The really surprising twist in the story comes, however, when instead of seeking retribution, Joseph forgives his brothers. “Do not be distressed, or angry with yourselves because you sold me here, for God sent me before you to preserve life …” And he instructs them to return and bring their father Jacob to Egypt to dwell with them in the land of Goshen: “I will provide for you there … so that you and your household and all that you have, will not come to poverty.”

 

Now, what is it that enables Joseph to forgive his brothers so magnanimously? Well, we can say first of all that it’s the Holy Spirit’s gift of wisdom that allows Joseph to understand that God’s been working through all his trials and tribulations to make it ultimately possible for his father, his brothers, and all their households to survive and prosper in the time of famine. Similarly, when bad things happen to us, we need to remain open to the possibility that God is working through those misfortunes to bring about a greater good.

 

But there’s more. A certain tradition of Christian biblical interpretation sees in the story of Joseph a symbolic anticipation of Christ’s own death and resurrection.
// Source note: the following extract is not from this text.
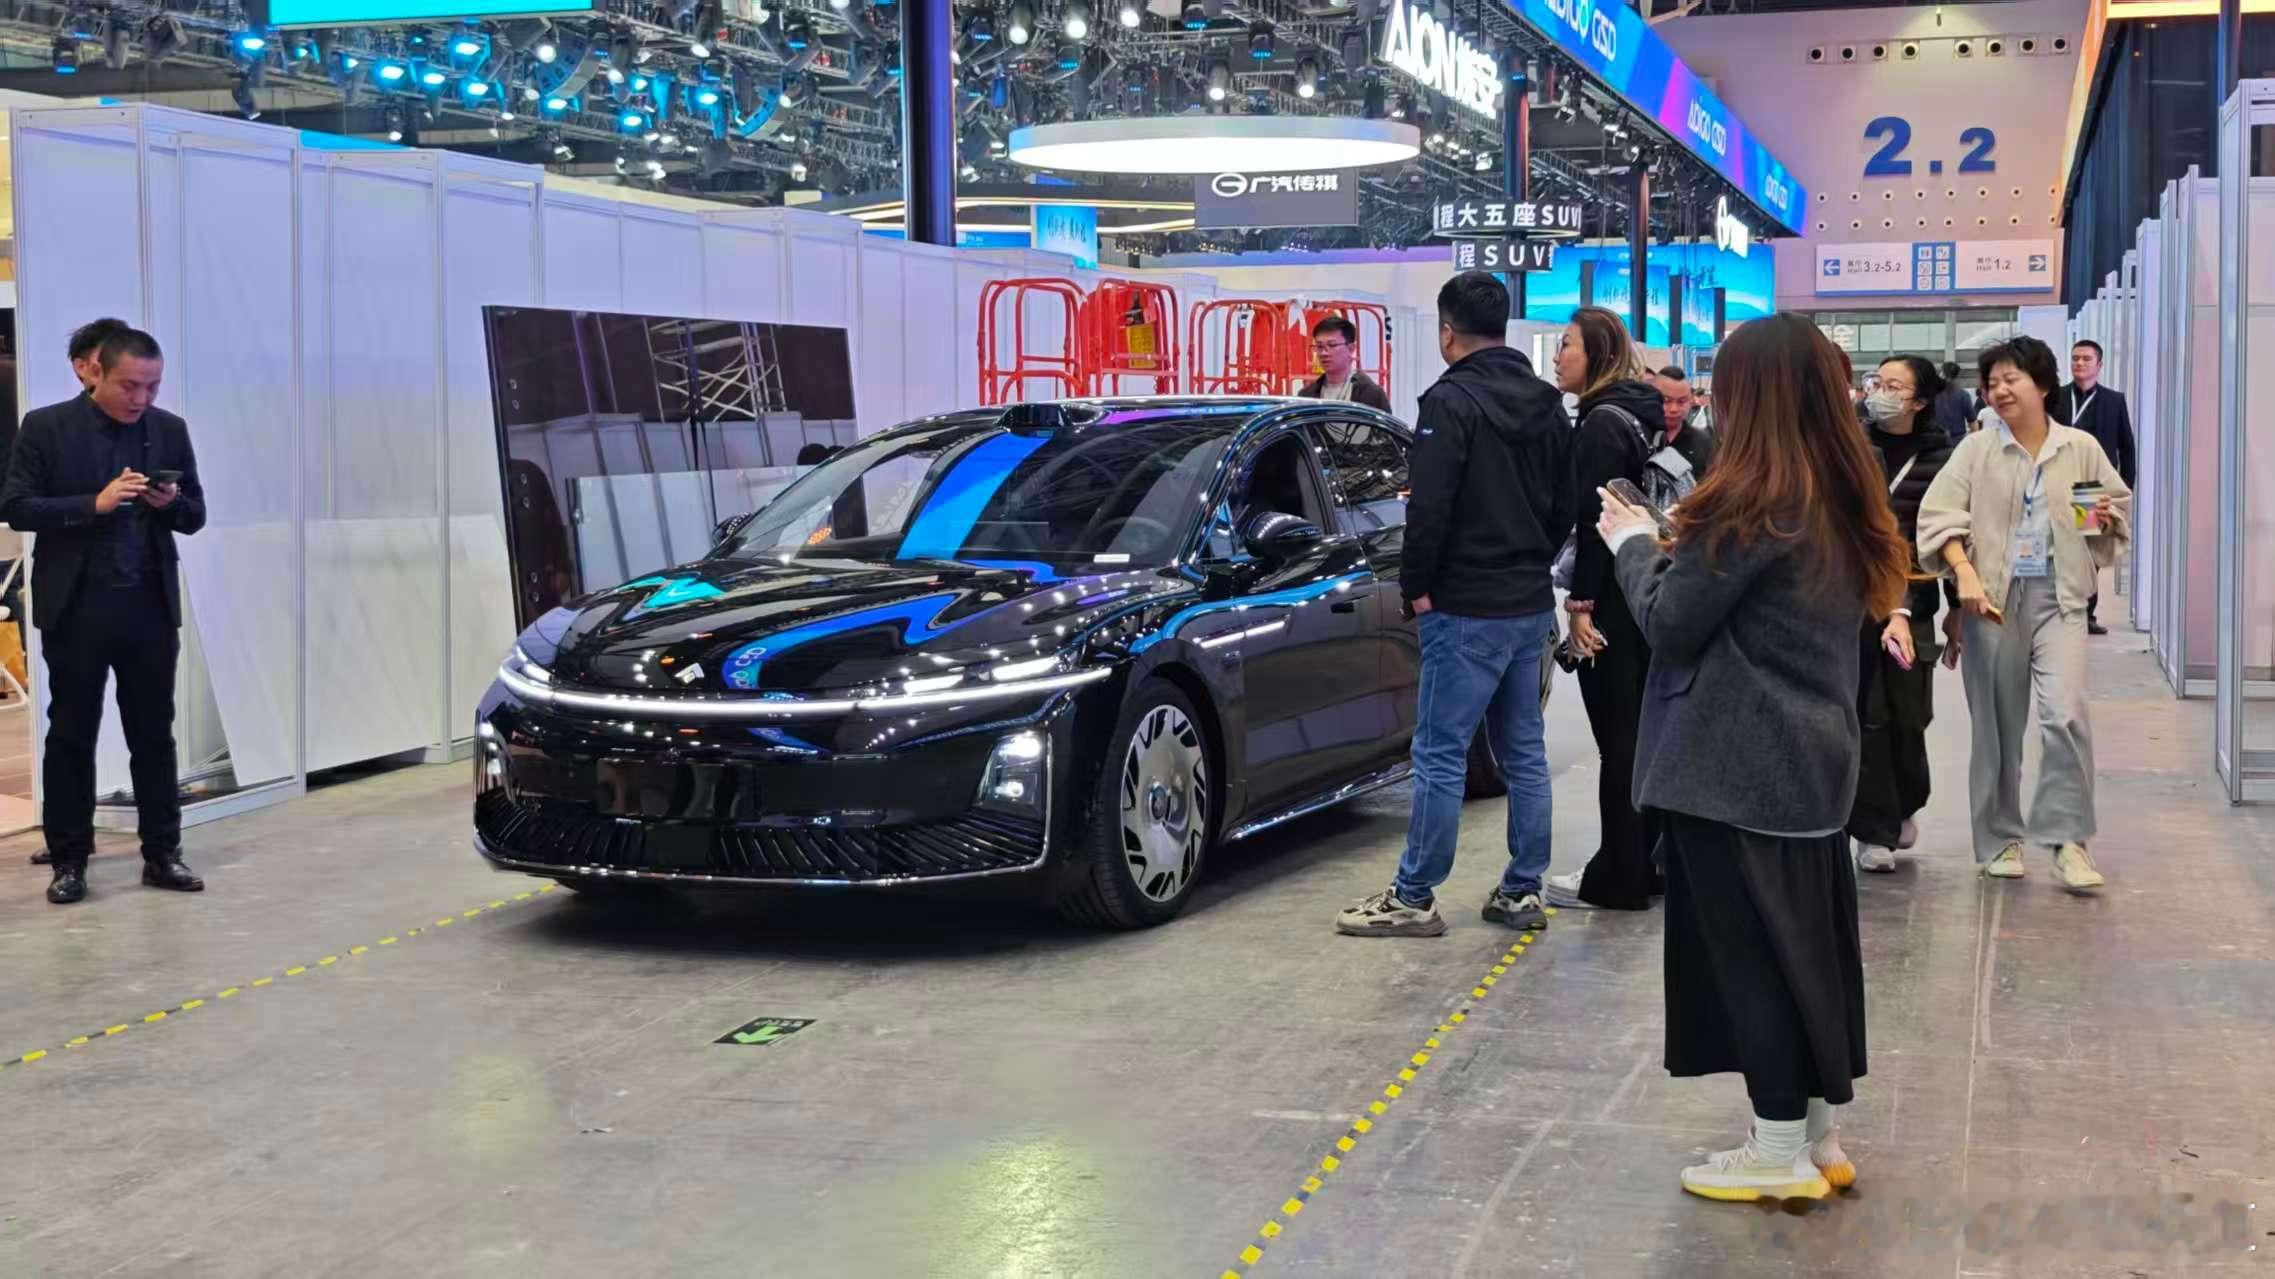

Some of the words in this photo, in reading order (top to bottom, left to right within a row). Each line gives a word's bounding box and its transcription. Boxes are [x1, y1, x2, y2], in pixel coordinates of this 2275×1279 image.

Joseph effectively died at this brothers’ hands, descended into hell (that is, slavery in Egypt), and rose again in the glory to sit at Pharaoh’s right hand. (We see there the symbolism of the risen Christ being raised to the right hand of his Father in heaven.)

 

Saint Paul says in today’s reading from First Corinthians, “What you sow does not come to life unless it dies … It is sowed in dishonor; it is raised in glory.” Joseph was able to forgive his brothers because, having lost everything at their hands, he’d gained infinitely more. He was no longer clinging to the old life that they’d taken from him; and his completely new life freed him from any need to bear grudges or seek retribution.

 

It follows that we gain the ability to love and forgive our enemies insofar as we live into the risen life that is ours in Christ Jesus. Again, as St. Paul puts it: “The first man was from earth, a man of dust; the second man is from heaven. As we have borne the image of the man of dust, so also shall we bear the image of the man from heaven.”

 

Just as Joseph forgave his brothers, so Christ forgives those who caused him to die on the cross. And when we come to see ourselves and our neighbors through the eyes of the risen Christ, then, and only then, do we gain the ability to love our enemies, and to forgive as Christ has forgiven us.